The reporting centered women leaders in the Bajo Lempa region, who organize community adaptation amid state neglect, environmental damage, and criminalization. Testimonies revealed the gendered burden of climate impacts, from water scarcity to health crises, and the urgent need for sustained media attention.
“The Lempa will end little by little—and we are ending it ourselves,” one community member warned.
From Reporting to Preparedness: Building Resilient Newsrooms
On the second day of the workshop, participating outlets presented tailored institutional disaster preparedness and response plans developed based on UNESCO’s model, adapted to diverse realities—from large multimedia newsrooms to community radio networks and exiled media.
Key advances included:
- Operational continuity plans with backup power, alternative transmission sites, and redundant connectivity
- Clear chains of command and coordination with emergency agencies and other DRR actors
- Trauma-sensitive editorial policies and ethical guidelines for disaster coverage
- AI-assisted verification protocols to counter disinformation during crises
- Commitment to leaving no one behind in disaster reporting
- Safety and mental health measures, especially for journalists working under threat or in exile
These plans demonstrated that preparedness is not abstract policy but a practical, lifesaving tool for both media institutions and the communities they serve.
“A society that is well informed avoids deaths during disasters,” one newsroom stated.
Throughout roundtable discussions, journalists emphasized that one of the program’s greatest achievements was the creation of a living cross-border media network.
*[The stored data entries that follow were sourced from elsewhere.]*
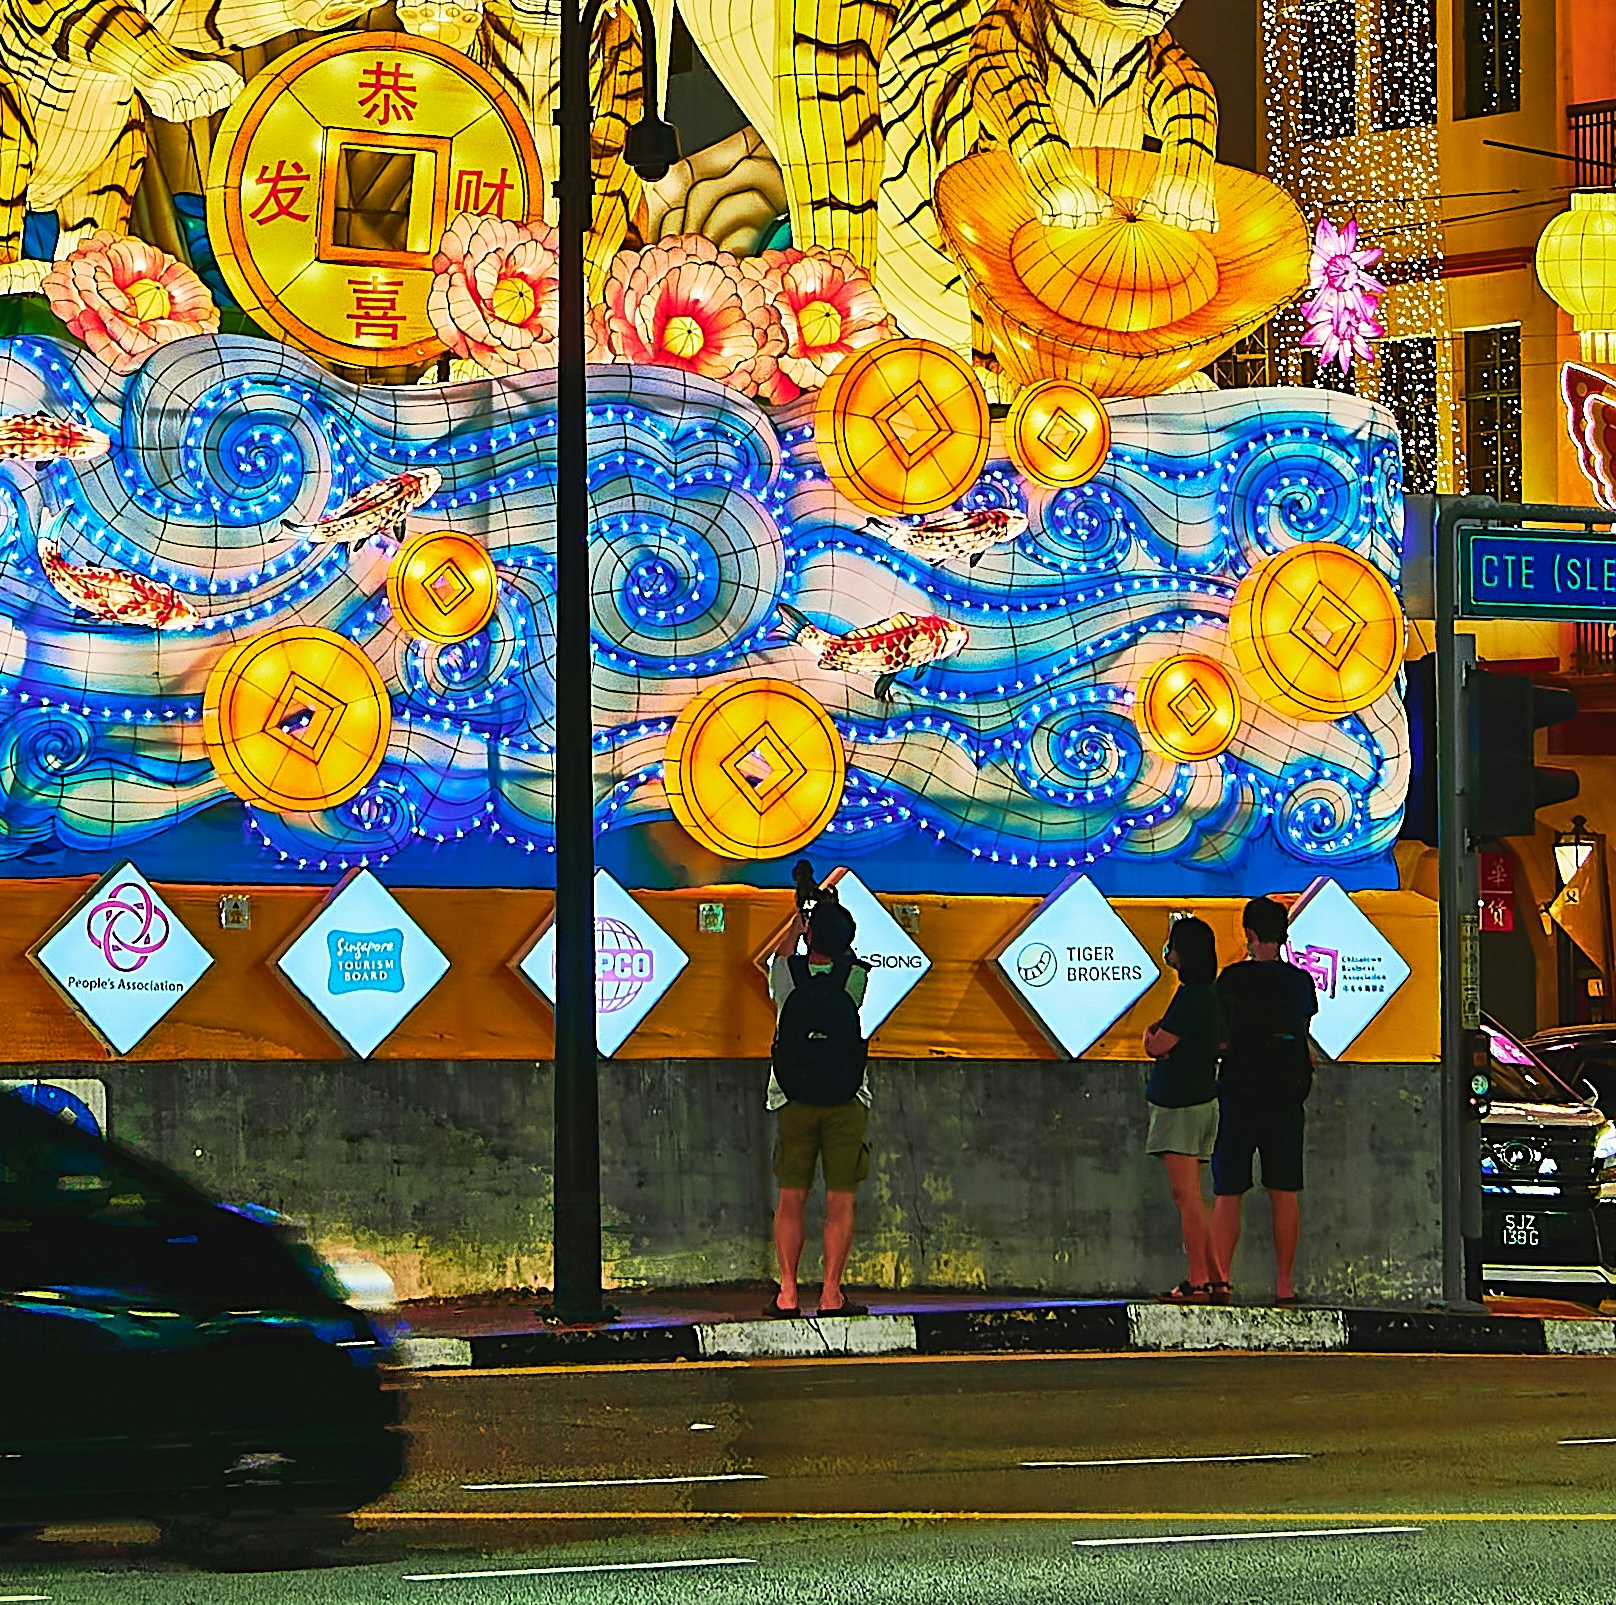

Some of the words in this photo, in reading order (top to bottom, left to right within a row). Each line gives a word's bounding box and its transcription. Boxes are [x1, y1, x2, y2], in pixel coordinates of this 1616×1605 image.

[358, 61, 418, 126] 恭
[249, 160, 311, 226] 发
[454, 168, 515, 220] 财
[346, 275, 407, 341] 喜
[1482, 554, 1534, 590] CTE
[337, 937, 394, 960] Singapore
[1066, 946, 1114, 962] TIGER
[338, 959, 394, 971] TOURISM
[595, 952, 650, 979] PCO
[1067, 965, 1142, 982] BROKERS
[68, 976, 115, 992] People's
[117, 978, 184, 993] Association
[345, 971, 388, 982] BOARD
[1505, 1214, 1536, 1230] SJZ
[1503, 1229, 1539, 1246] 138G
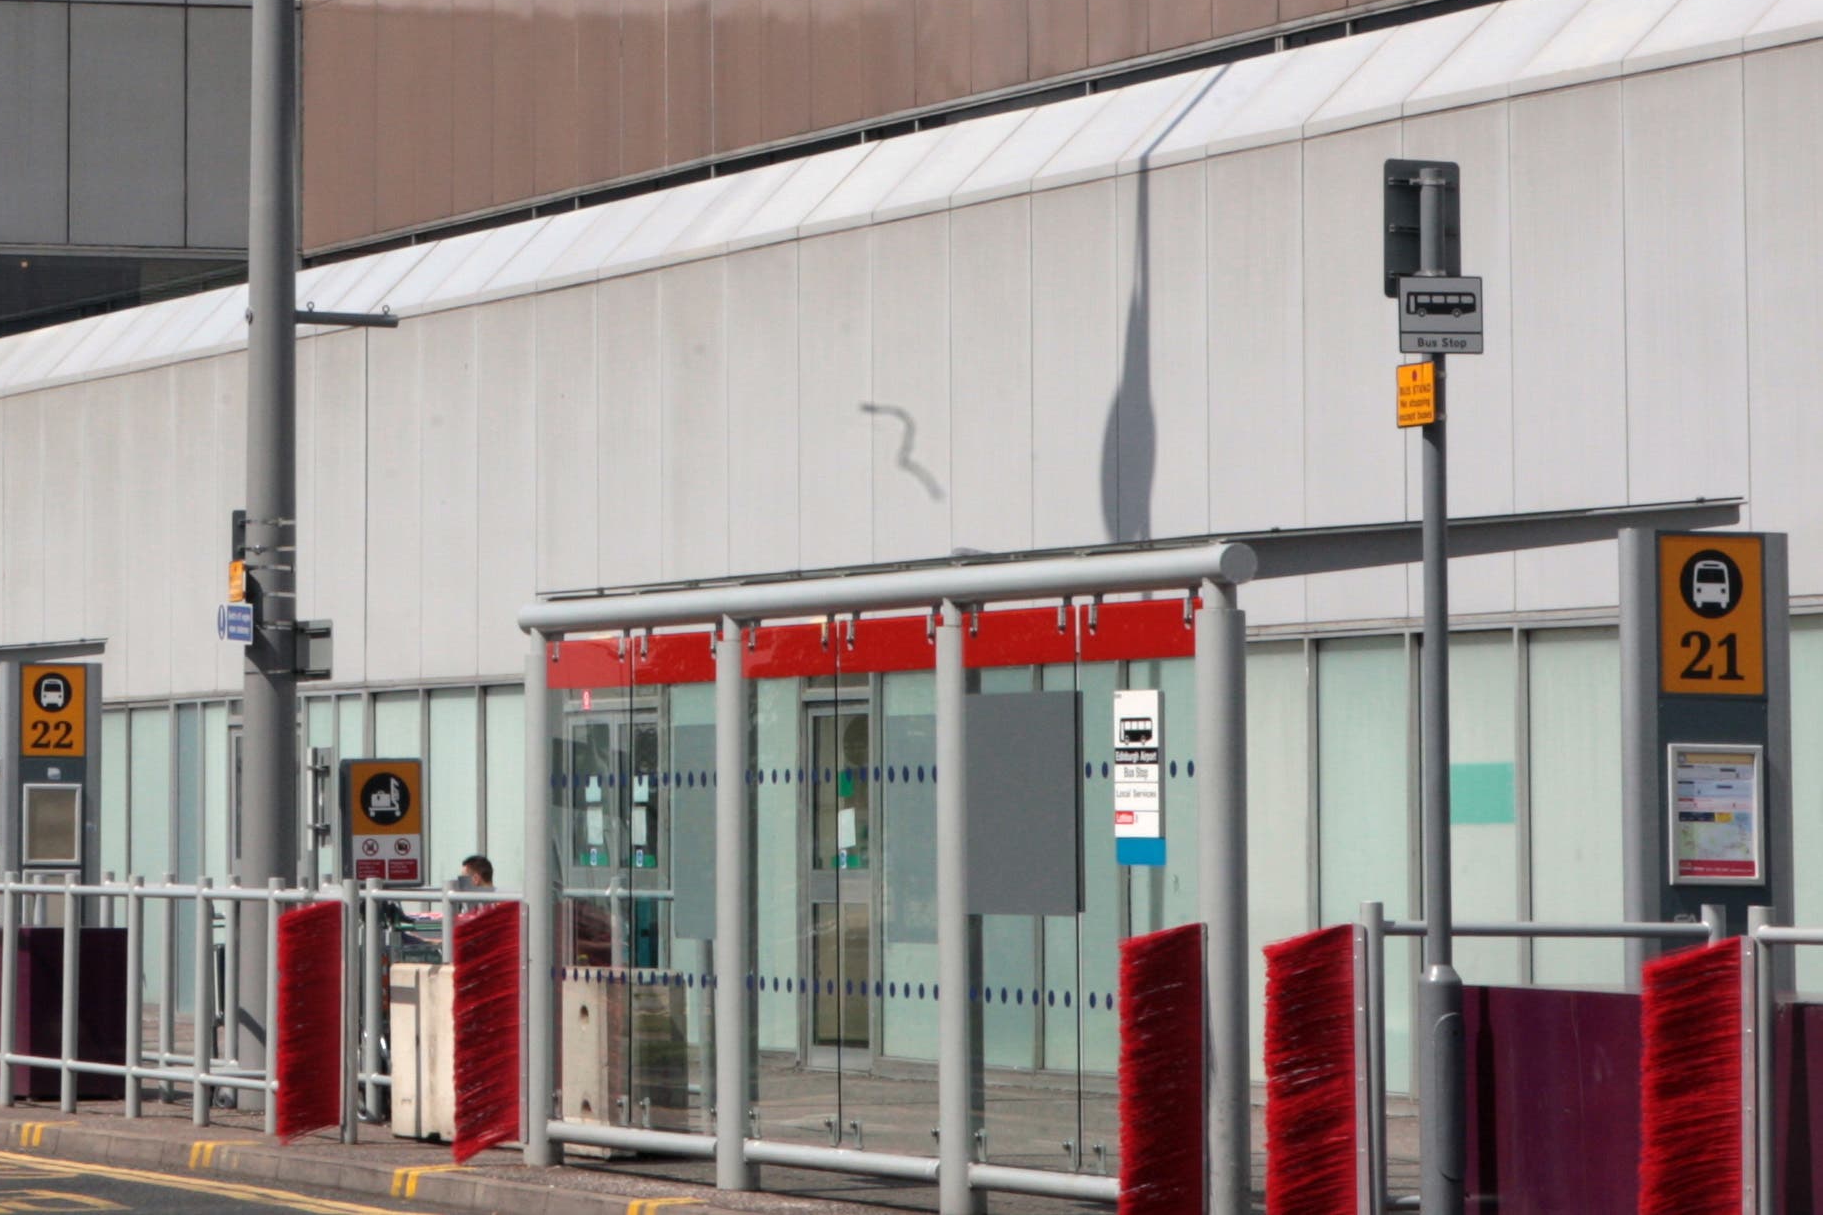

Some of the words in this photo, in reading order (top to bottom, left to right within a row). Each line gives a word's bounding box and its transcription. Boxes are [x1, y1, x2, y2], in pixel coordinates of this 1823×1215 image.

[1417, 337, 1437, 348] Bus
[1441, 337, 1467, 349] Stop
[1680, 630, 1745, 681] 21
[31, 720, 74, 749] 22
[1115, 750, 1139, 763] Edinburgh
[1140, 750, 1157, 762] Airport
[1123, 766, 1135, 778] Bus
[1136, 766, 1148, 780] Stop
[1116, 788, 1130, 798] Local
[1133, 788, 1156, 798] Services
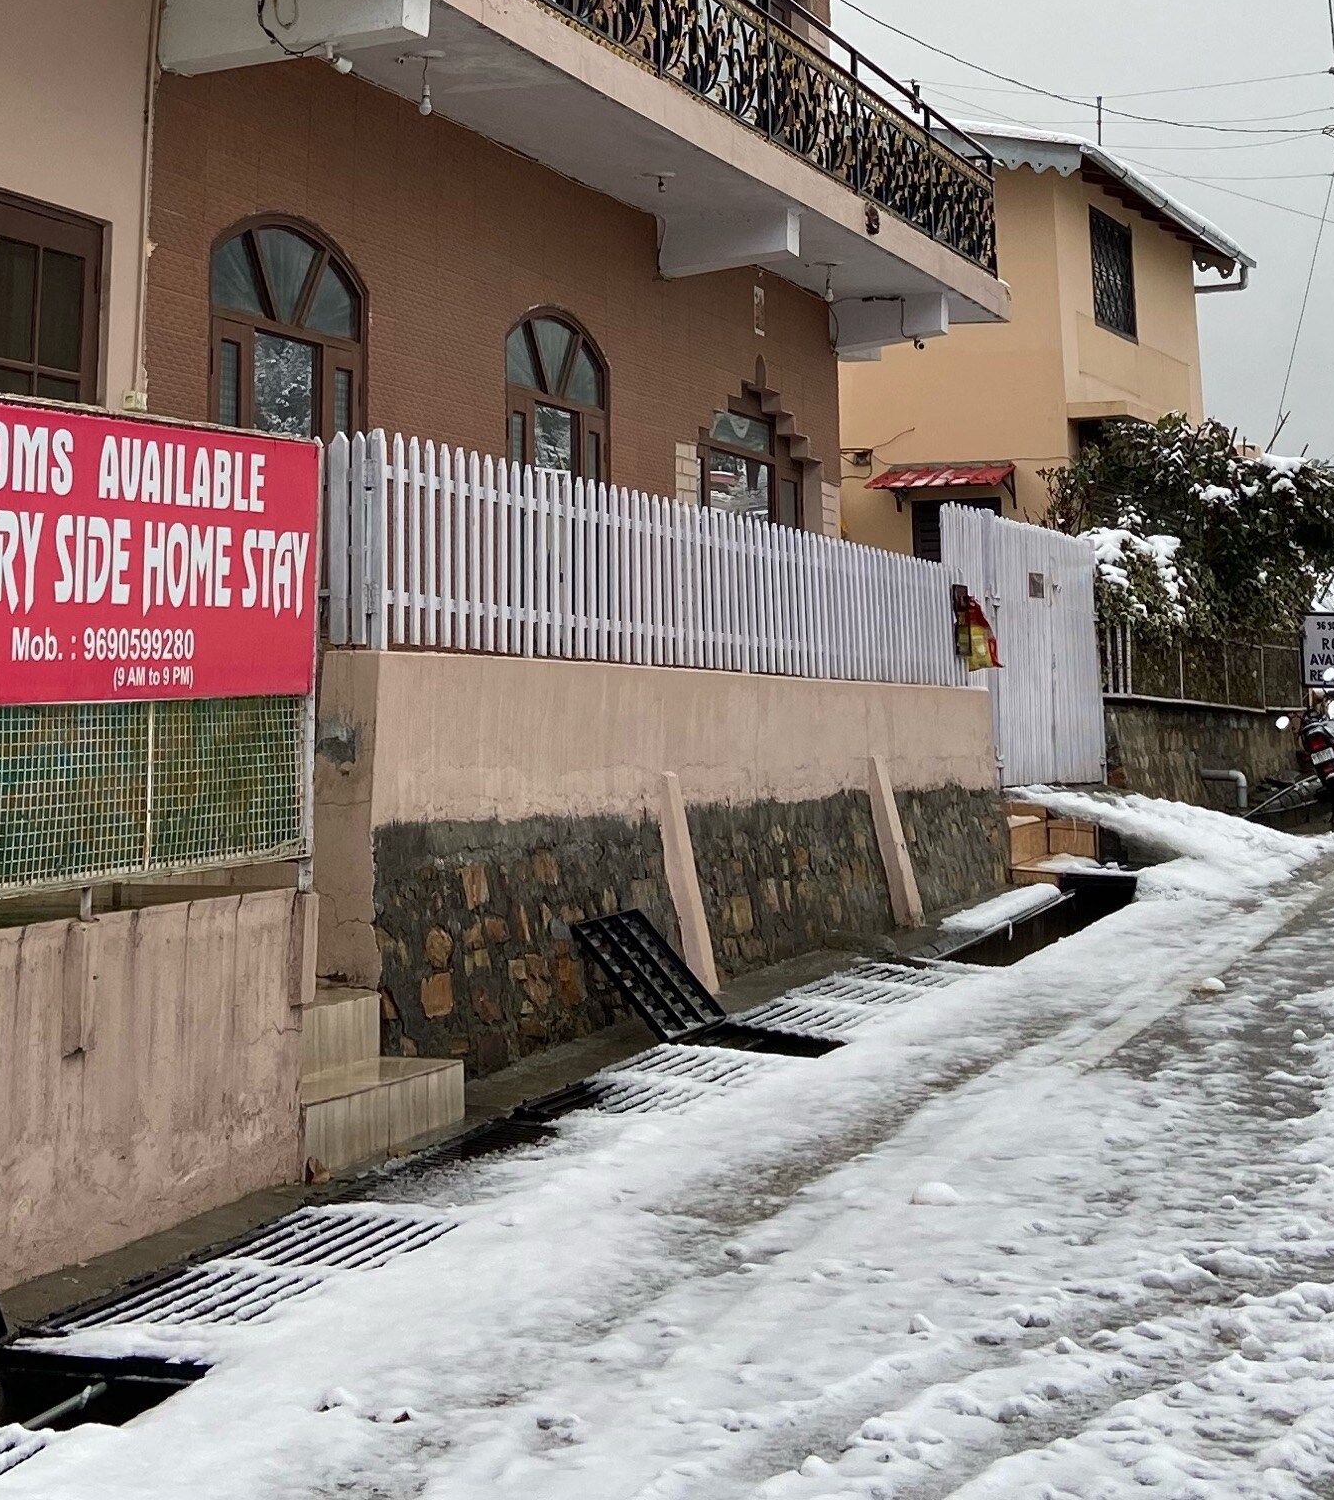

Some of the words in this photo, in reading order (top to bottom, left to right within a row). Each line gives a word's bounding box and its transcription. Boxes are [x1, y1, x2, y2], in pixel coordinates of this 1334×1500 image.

Despite challenges—restricted access to information, hostile environment, financial constraints, surveillance, and exile—participants agreed that collaboration amplified impact, revealed regional patterns, and strengthened professional solidarity.
“An investigation is stronger when it is replicated across borders,” participants noted.
The IAPA underscored that no story is worth a life, and alongside UNESCO, reaffirmed its commitment to journalist safety, ethical standards, and sustained support for media in vulnerable regions and high-risk environments.
A Model for the Future
The program concluded with concrete recommendations to media development partners, including sustaining the regional network, expanding safety and mental health support, strengthening the use of digital technologies, and funding community-centered climate solutions journalism.
Strategic Outcomes
- High-impact cross-border investigations linking climate, health, environment, and governance
- Strengthened institutional resilience through customized institutional disaster preparedness and response plans
- Deeper regional ties enabling future collaborations and shared defense against disinformation and threats
As the workshop closed, IAPA and UNESCO confirmed their intention to continue generating visibility materials and to build on this initiative as a model for climate journalism, disaster preparedness, and media resilience in Central America.
Beyond borders, Central American media are proving that collaboration, preparation, and quality reporting are essential for confronting the climate crisis—today, not tomorrow.
The IAPA is a non-profit organization dedicated to defending and promoting freedom of the press and expression in the Americas. It comprises more than 1,300 publications from the western hemisphere and is based in Miami, Florida, United States.